PROBLEM TO WORK ON — Could you repeat the records below exactly, without the pictures?

Collected data —
↓↓↓
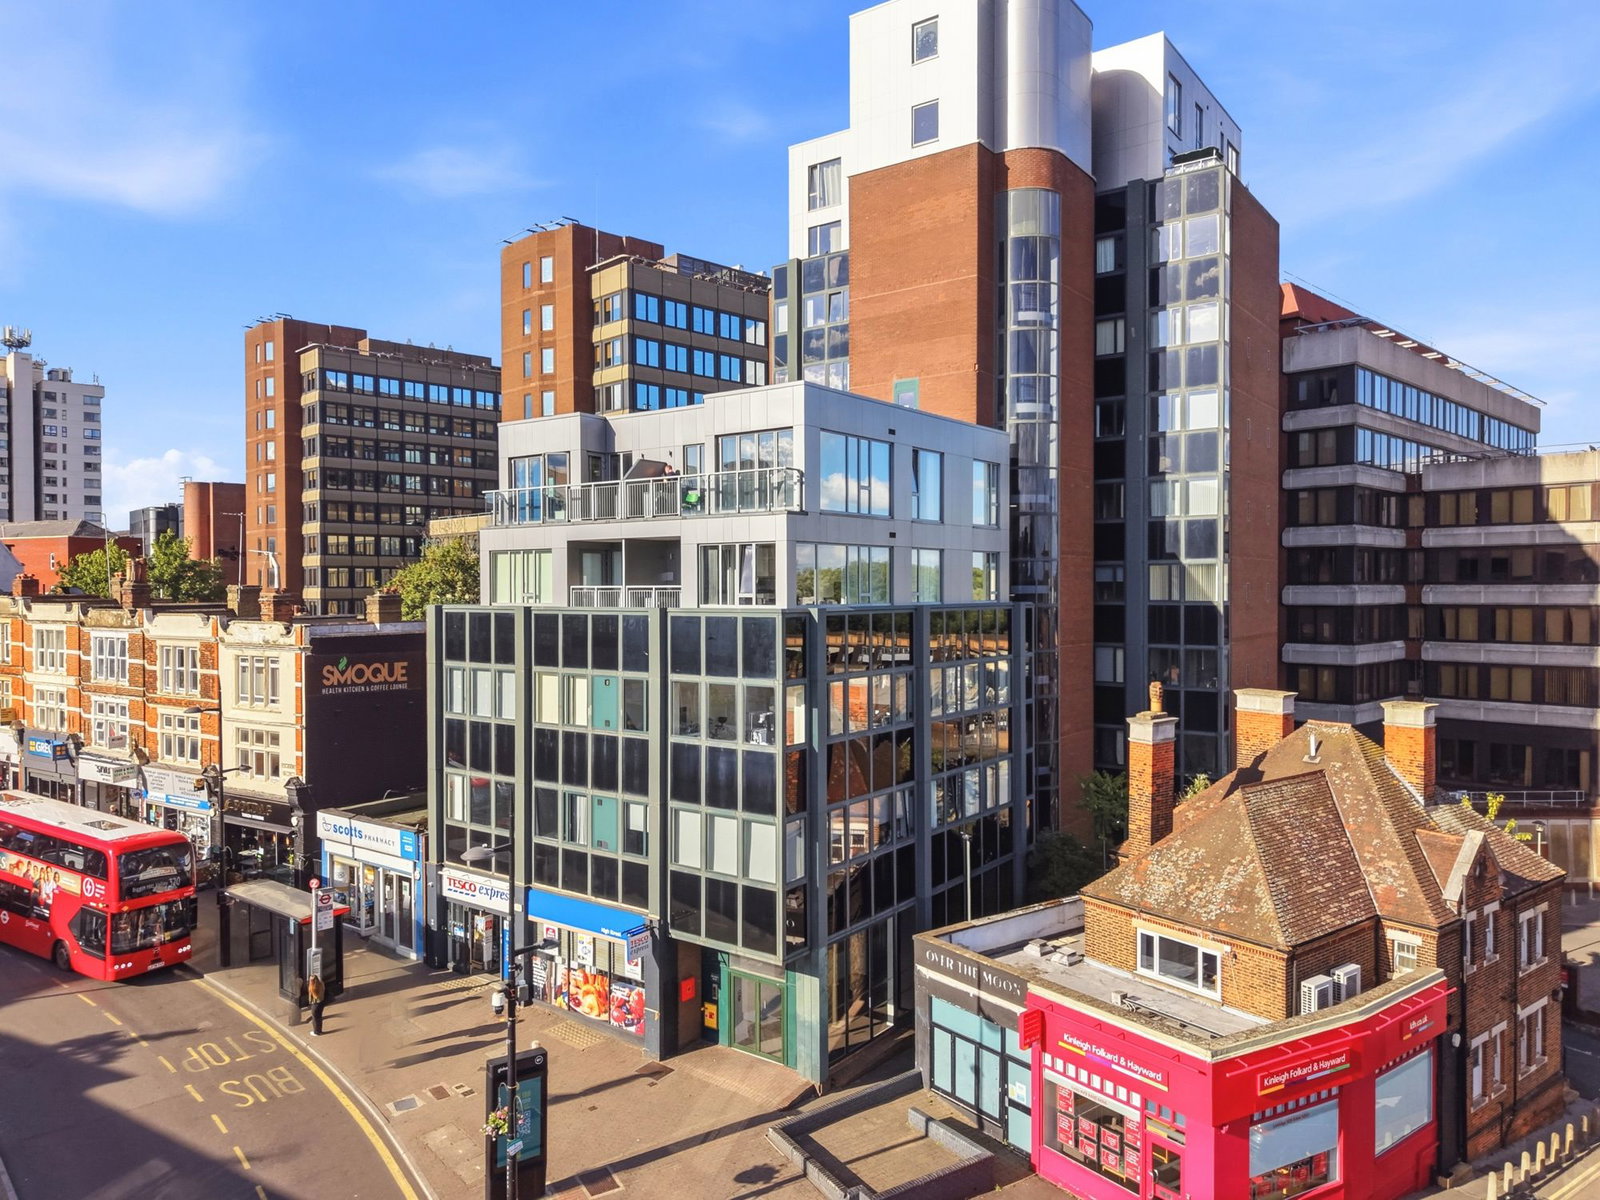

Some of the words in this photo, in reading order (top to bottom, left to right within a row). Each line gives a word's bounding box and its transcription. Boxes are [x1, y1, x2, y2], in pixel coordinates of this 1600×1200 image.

[322, 661, 408, 686] SMOQUE
[322, 687, 341, 695] HEALTH
[343, 685, 365, 693] KITCHEN
[371, 683, 389, 691] COFFEE
[35, 741, 53, 753] GRE
[333, 824, 363, 839] scotts
[364, 834, 395, 846] PHARMACY
[447, 877, 477, 893] TESCO
[478, 885, 510, 902] expres
[630, 934, 649, 947] TESCO
[926, 950, 954, 970] OVER
[957, 961, 978, 979] THE
[983, 971, 1021, 996] MOON
[182, 1031, 277, 1073] STOP
[1063, 1033, 1091, 1052] Kinleigh
[1092, 1045, 1118, 1063] Folkard
[1119, 1057, 1126, 1066] &
[1127, 1059, 1162, 1081] Hayward
[1264, 1072, 1289, 1087] Kinleigh
[1290, 1064, 1312, 1079] Folkard
[1313, 1062, 1319, 1071] &
[1320, 1053, 1346, 1069] Hayward
[219, 1066, 306, 1107] BUS
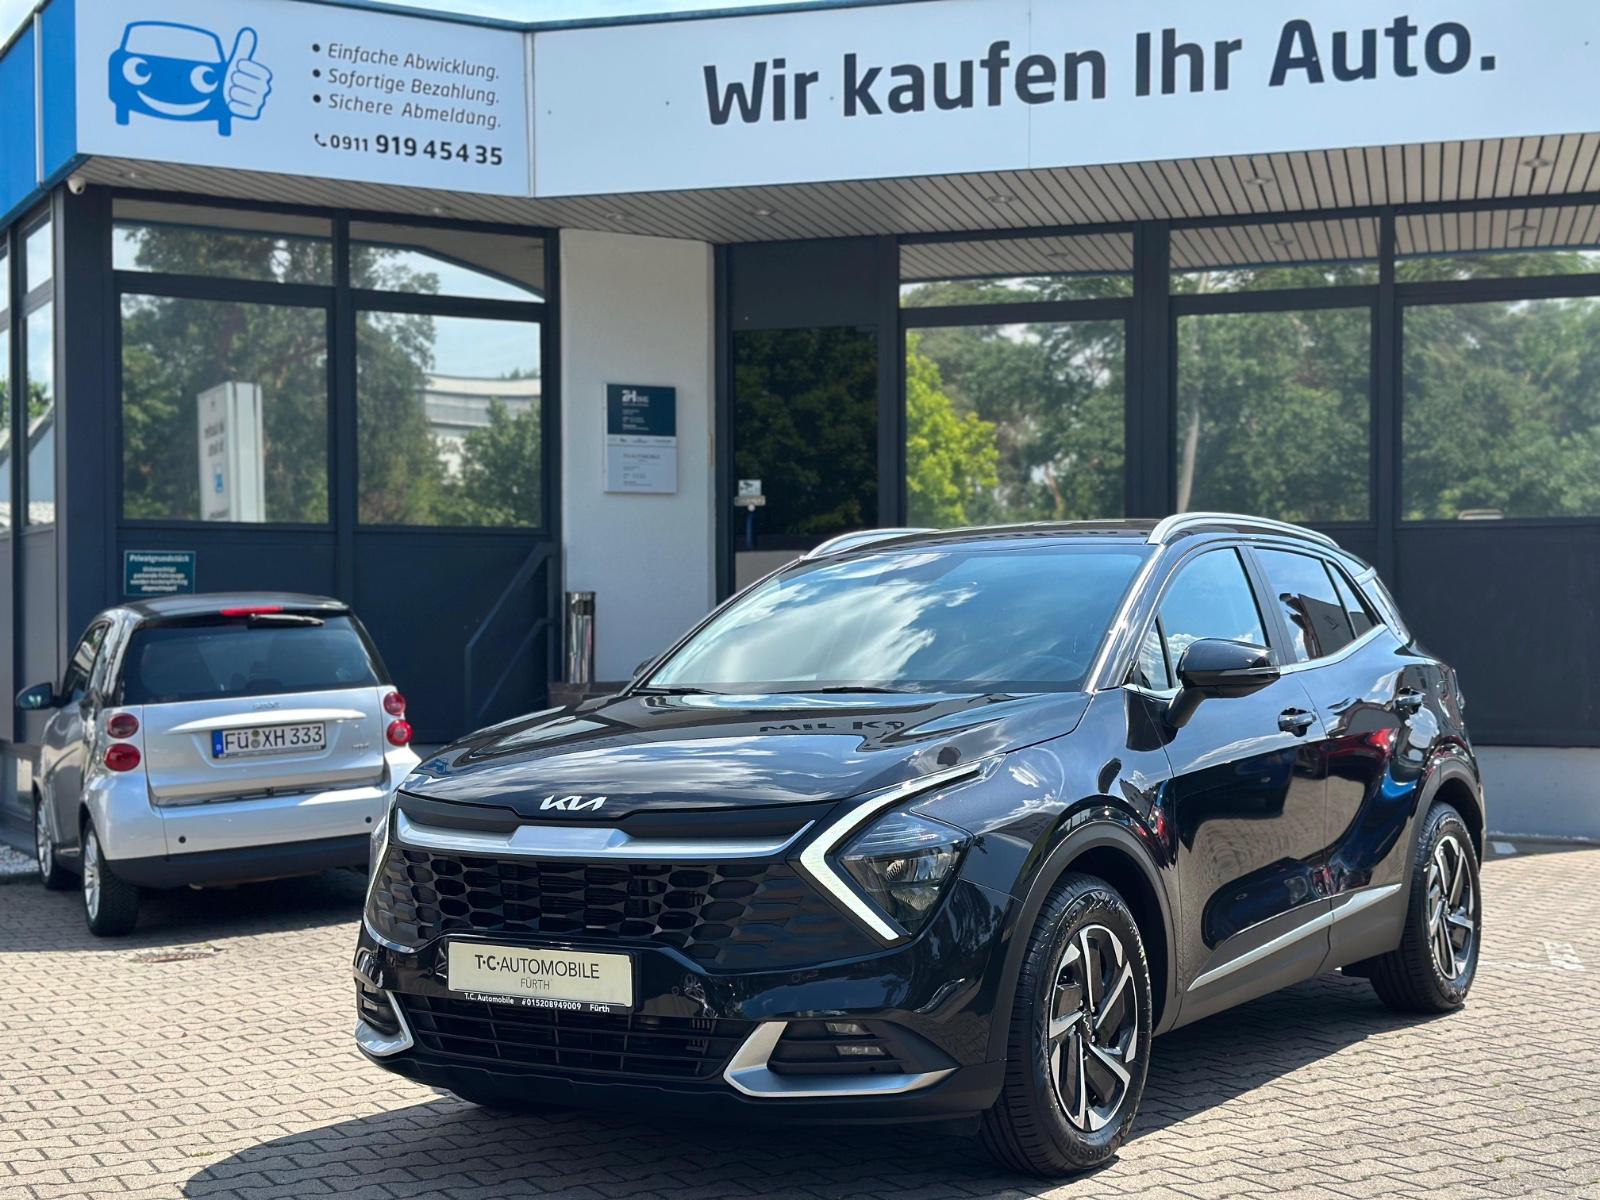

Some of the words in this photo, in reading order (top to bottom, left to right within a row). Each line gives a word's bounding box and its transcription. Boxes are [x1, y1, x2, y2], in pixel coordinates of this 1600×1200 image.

[328, 43, 399, 66] Einfache
[403, 53, 499, 82] Abwicklung.
[703, 58, 819, 125] Wir
[843, 40, 1106, 117] kaufen
[1135, 28, 1243, 97] Ihr
[1268, 15, 1496, 87] Auto.
[328, 68, 405, 94] Sofortige
[411, 78, 499, 106] Bezahlung.
[328, 93, 393, 115] Sichere
[402, 102, 502, 130] Abmeldung.
[330, 134, 368, 152] 0911
[375, 134, 417, 157] 919
[262, 728, 285, 748] XH
[290, 726, 323, 745] 333
[539, 795, 607, 811] KIA
[520, 977, 550, 990] FÜRTH
[477, 994, 514, 1005] Automobile
[589, 1003, 611, 1013] Fürth
↑↑↑
OUTPUT OF THE EXERCISE —
Some of the words in this photo, in reading order (top to bottom, left to right within a row). Each line gives a word's bounding box and its transcription. Boxes are [x1, y1, x2, y2], in pixel coordinates of this 1600×1200 image.

[322, 661, 408, 686] SMOQUE
[322, 687, 341, 695] HEALTH
[343, 685, 365, 693] KITCHEN
[371, 683, 389, 691] COFFEE
[35, 741, 53, 753] GRE
[333, 824, 363, 839] scotts
[364, 834, 395, 846] PHARMACY
[447, 877, 477, 893] TESCO
[478, 885, 510, 902] expres
[630, 934, 649, 947] TESCO
[926, 950, 954, 970] OVER
[957, 961, 978, 979] THE
[983, 971, 1021, 996] MOON
[182, 1031, 277, 1073] STOP
[1063, 1033, 1091, 1052] Kinleigh
[1092, 1045, 1118, 1063] Folkard
[1119, 1057, 1126, 1066] &
[1127, 1059, 1162, 1081] Hayward
[1264, 1072, 1289, 1087] Kinleigh
[1290, 1064, 1312, 1079] Folkard
[1313, 1062, 1319, 1071] &
[1320, 1053, 1346, 1069] Hayward
[219, 1066, 306, 1107] BUS

Some of the words in this photo, in reading order (top to bottom, left to right within a row). Each line gives a word's bounding box and its transcription. Boxes are [x1, y1, x2, y2], in pixel coordinates of this 1600×1200 image.

[328, 43, 399, 66] Einfache
[403, 53, 499, 82] Abwicklung.
[703, 58, 819, 125] Wir
[843, 40, 1106, 117] kaufen
[1135, 28, 1243, 97] Ihr
[1268, 15, 1496, 87] Auto.
[328, 68, 405, 94] Sofortige
[411, 78, 499, 106] Bezahlung.
[328, 93, 393, 115] Sichere
[402, 102, 502, 130] Abmeldung.
[330, 134, 368, 152] 0911
[375, 134, 417, 157] 919
[262, 728, 285, 748] XH
[290, 726, 323, 745] 333
[539, 795, 607, 811] KIA
[520, 977, 550, 990] FÜRTH
[477, 994, 514, 1005] Automobile
[589, 1003, 611, 1013] Fürth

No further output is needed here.